少し飛んでから、風は布にまた変わってイーアンに貼り付く。うお、とたじろいだ女龍は呆気なく魔導士に目隠しされて、またか何でだ最初に言えよと怒鳴る女龍は手も足も出ず、餃子のように包まれて運ばれ、ポイと解放されたのは。
どこなのここ、とぼやいた夜の原っぱの向こうに、小さな一軒家がぽつんとあった。
魔導士は女龍に手を一振り(※こっちの合図)、その態度が気に食わないイーアンは、だらだら文句を言いながら後ろを歩いた。
うるさい女龍を無視し、魔導士は扉を開けてやる。先に入れと言われて、一睨み向けた女龍の角を押す。さわんな!とまた怒るも、イーアンは『ラファル』が待っているのでとっとと入った。
魔導士の部屋。彼はいつも『自分の家』とは言わず、部屋の一つと表現する。
小さくても家は家だと思うんだけどと周囲を見回し、ヨライデ版魔導士の部屋へ初めてお邪魔したイーアンは、古めかしい魔法使いのイメージぴったりな、木製の彫刻や壁を見ながら進み、居間でラファルに迎えられた。
「ラファル。こんばんは!」
「元気そうだ。こんばんは・・・懐かしいな、そういう挨拶」
ハハハと笑ったラファルが、会うたびに少しずつ明るく変わっているように感じて、イーアンも嬉しい。でも再会を喜ぶも数秒。灰皿横に置かれた品に気づいたイーアンは、目を丸くする。
「これは何です」
「見つけたんだ。イーアンに教えておこうと思った」
ラファルは金属の箱を摘まみ上げ、イーアンの片手を取って手の平にそっと置く。それから、イーアンと向かい合う金属の面についた、小さな穴を指差して『ここが光る』と囁く。

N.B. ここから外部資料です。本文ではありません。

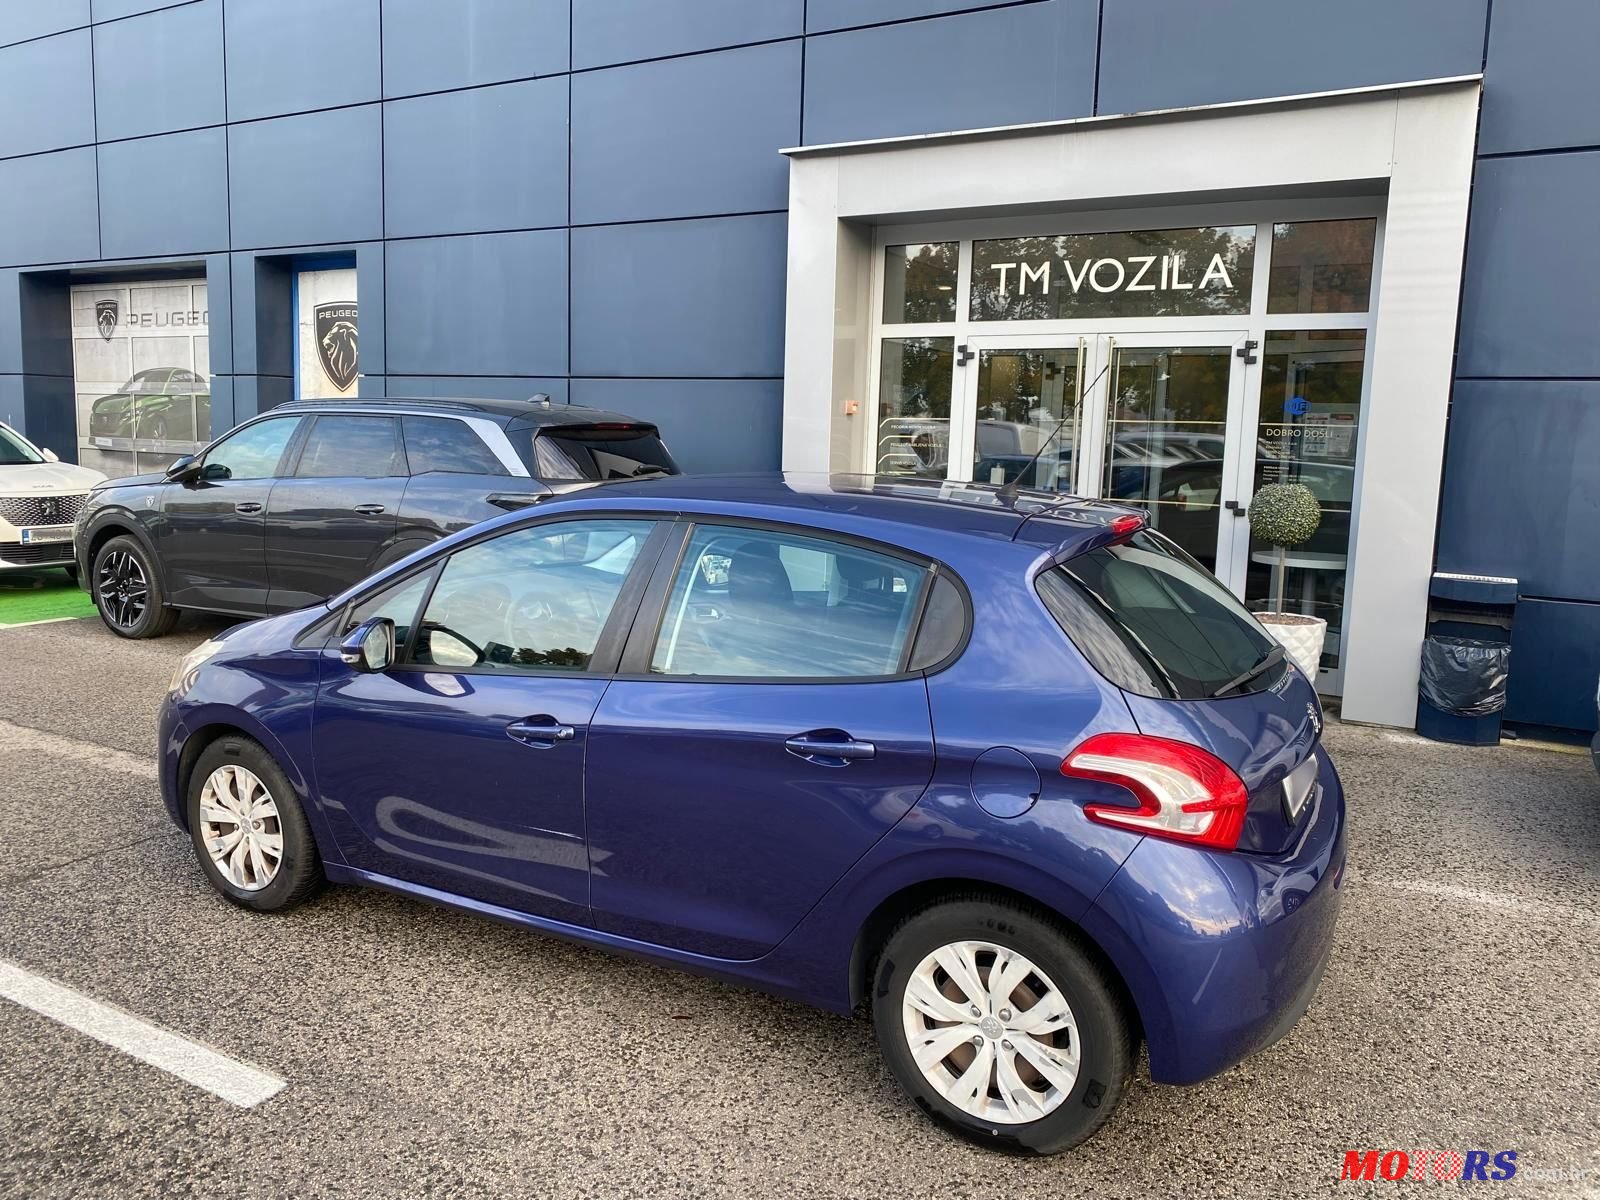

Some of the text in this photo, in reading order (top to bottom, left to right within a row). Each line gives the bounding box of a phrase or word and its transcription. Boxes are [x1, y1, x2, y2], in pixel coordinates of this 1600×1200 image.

[990, 253, 1234, 296] TM VOZILA
[1266, 428, 1301, 437] DOBRO
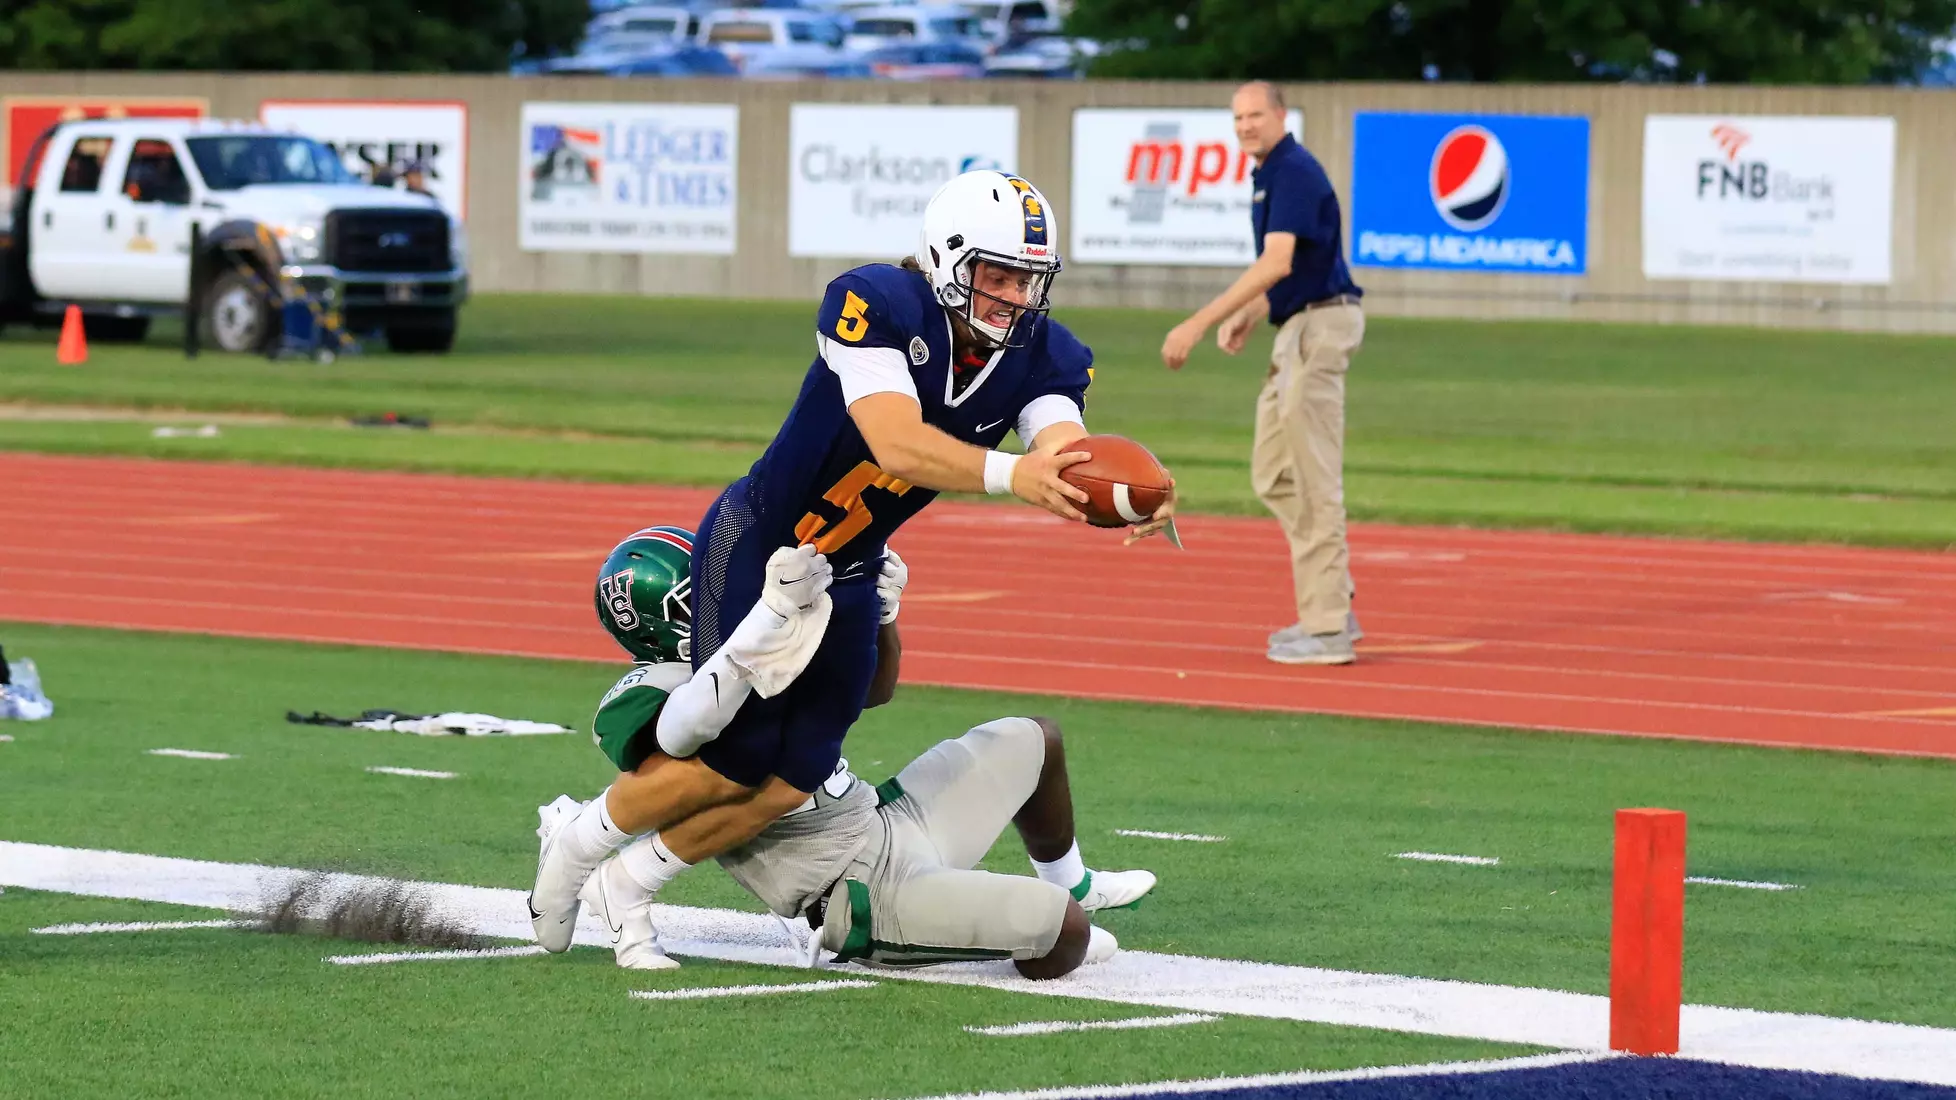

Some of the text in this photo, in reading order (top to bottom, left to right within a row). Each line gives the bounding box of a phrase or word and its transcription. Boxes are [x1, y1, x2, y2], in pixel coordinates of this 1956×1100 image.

[604, 119, 729, 165] LEDGER
[800, 143, 950, 184] Clarkson
[633, 164, 729, 209] TIMES
[1696, 159, 1836, 201] FNB Bank
[1358, 230, 1427, 263] PEPSI
[835, 290, 870, 343] 5
[794, 459, 914, 555] 5

すーっとイーアンの目がラファルに動く。頷くラファルは箱を持ち上げ、今度は背面を見せ、小さいレバーを示すと『これで操作』そう言った。まるで知っているみたいに。
「あなたの知っている品物ですか?」
「いや。知らない。ただ似たような仕組みを・・・前、聞いたことがある」
静かなラファルの顔が近く、彼の煙草のにおいがする息に、イーアンは彼の危険だった過去を想像した。それは、あなたが危険を繰り返していた日々に受けた拷問の―――(※2164話参照) 胸が詰まる苦しさを、ぐっと抑えて女龍は尋ねる。
「前って」
「それは、まぁ。この正体は俺が思うに、暗示の道具で、仕組みは振り子式のストロボだ」
「振り子。ストロボ」
「振り子より、メトロノームが近いか」
ラファルは、ぽかんとする女龍の手から道具を引き取り、また灰皿のテーブルに戻すと、ベルベットのような起毛生地を張った、青い一人掛けに手を置いて、女龍に座るよう促した。
*****
暗示目的で使われているのでは。ラファルは煙草を咥え、耳を掻きながら―― 寛いだふうに ――危険な道具について話す。

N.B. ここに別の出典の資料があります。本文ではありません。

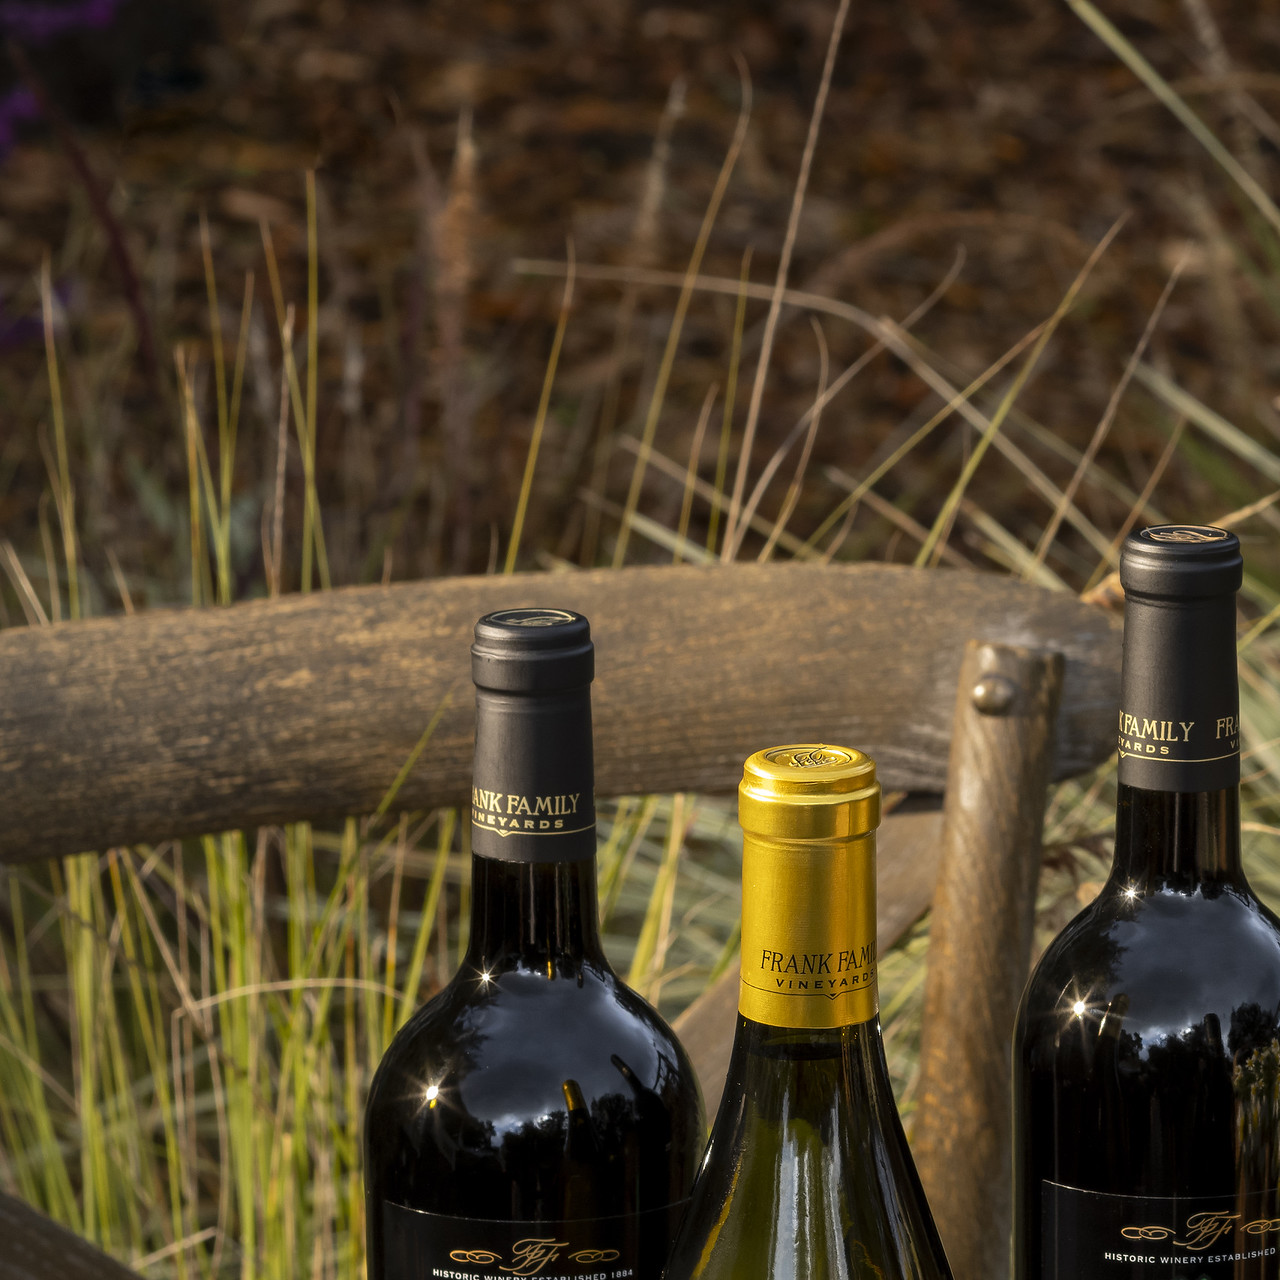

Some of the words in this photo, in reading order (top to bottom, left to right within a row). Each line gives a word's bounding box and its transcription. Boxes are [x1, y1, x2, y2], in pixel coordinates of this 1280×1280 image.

[1124, 713, 1195, 742] FAMILY
[472, 785, 503, 813] ANK
[506, 793, 580, 816] FAMILY
[760, 949, 833, 975] FRANK
[1104, 1252, 1156, 1264] HISTORIC
[1160, 1256, 1203, 1264] WINERY
[1207, 1246, 1276, 1263] ESTABLISHED
[611, 1269, 634, 1279] 1884

この世界の技術では追い付かなくても、『念』が可能にする知識と技術の応用まで持っていたら、出来ないことは無く、形は不格好でも、威力はそこそこ引き上げられるだろうと、言った。
「暗示・・・これで?私は、信号のようなものを作るのかと思っのですが」
採掘場と施設を見た後、イーアンは光の遠隔通信手段、暗号的な発信を想像した。これは小型すぎるから、何か特殊な魔術を添えるとか、もしくは大型用の試作品とか・・・
『信号?』と聞き返すラファルに、朝からの一連も交え『私はモールス信号のように使うかと』と話す。イーアンの想像を聞いて『そういう使い道も派生するかも』と答えたラファルが煙草の先で箱を示し、話を戻した。

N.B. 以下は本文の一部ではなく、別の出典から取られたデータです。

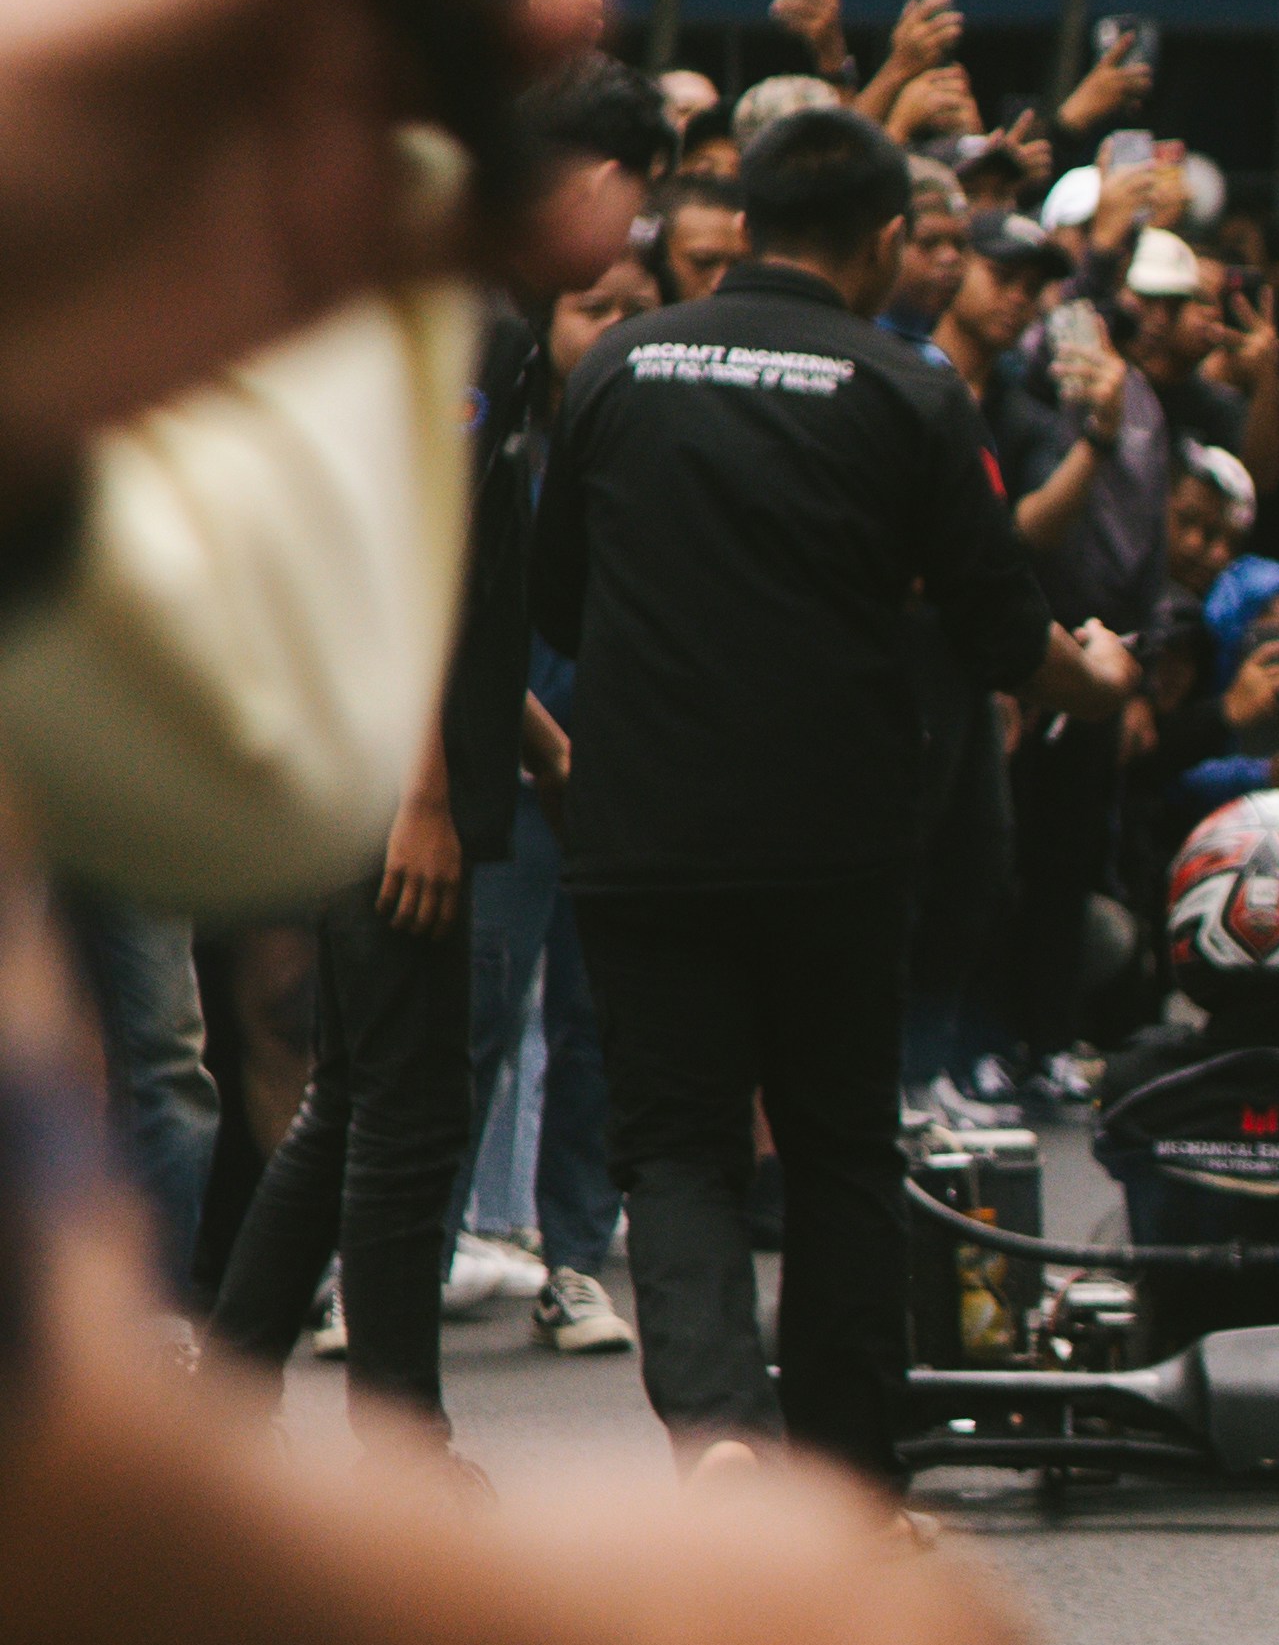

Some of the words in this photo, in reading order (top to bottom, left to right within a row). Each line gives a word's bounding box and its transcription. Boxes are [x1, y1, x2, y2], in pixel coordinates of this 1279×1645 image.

[626, 341, 726, 366] AIRCRAFT
[727, 345, 856, 383] ENGINEERING
[1155, 1140, 1254, 1157] MECHANICAL

「暗示に掛けるとしてだが・・・分解してないから確かじゃない。俺が思うに、『光』は反射だ。光を一定の場所に取り込んで反射させる。レバーで、遮光板を動かす繋ぎ箇所を作動させて、一秒の間に決まった回数の光の点滅を起こす。繰り返すと、真正面から光を見た相手は、ほんの数秒で頭が連れてかれる」
「それほど正確な状態、これで作れます?」
驚いて聞き返した女龍に、ラファルは『可能な範囲』と表情を変えずに頷いた。
この世界の土台で、ティヤー戦からまだ半月、そんなすごい道具を制作?イーアン、目が点。
ラファルがこうした話をしてくれる自体が珍しいし、彼が知っているならそうなのかな・・・と、小道具を食い入るように見た。
「暗示のトリガーまでは分からないが、得意分野の奴が『念』で入ってきたら、ここでも似たことは実行出来るだろう」
煙草を一吸い、ラファルはふーっと吹いて『仮に頭と瞼を固定された状態でやられたら、高確率で暗示が掛かる』と呟き、煙草を挟んだ指を小道具に向け、『分解するならイーアンの龍の爪で切る方が』と促した。
「私も、持っているのです」
「そうなのか。イーアンも倒したのか」
「はい。得体が知れませんし、魔導士に調べてもらいたいと思って、持っています」
「分解する気じゃなかったんだな。じゃ、バニザット・・・いいか?」
イーアンが腰袋から布に巻いたものを取り出し、黙って側で聞いていた魔導士がテーブル横に建つ。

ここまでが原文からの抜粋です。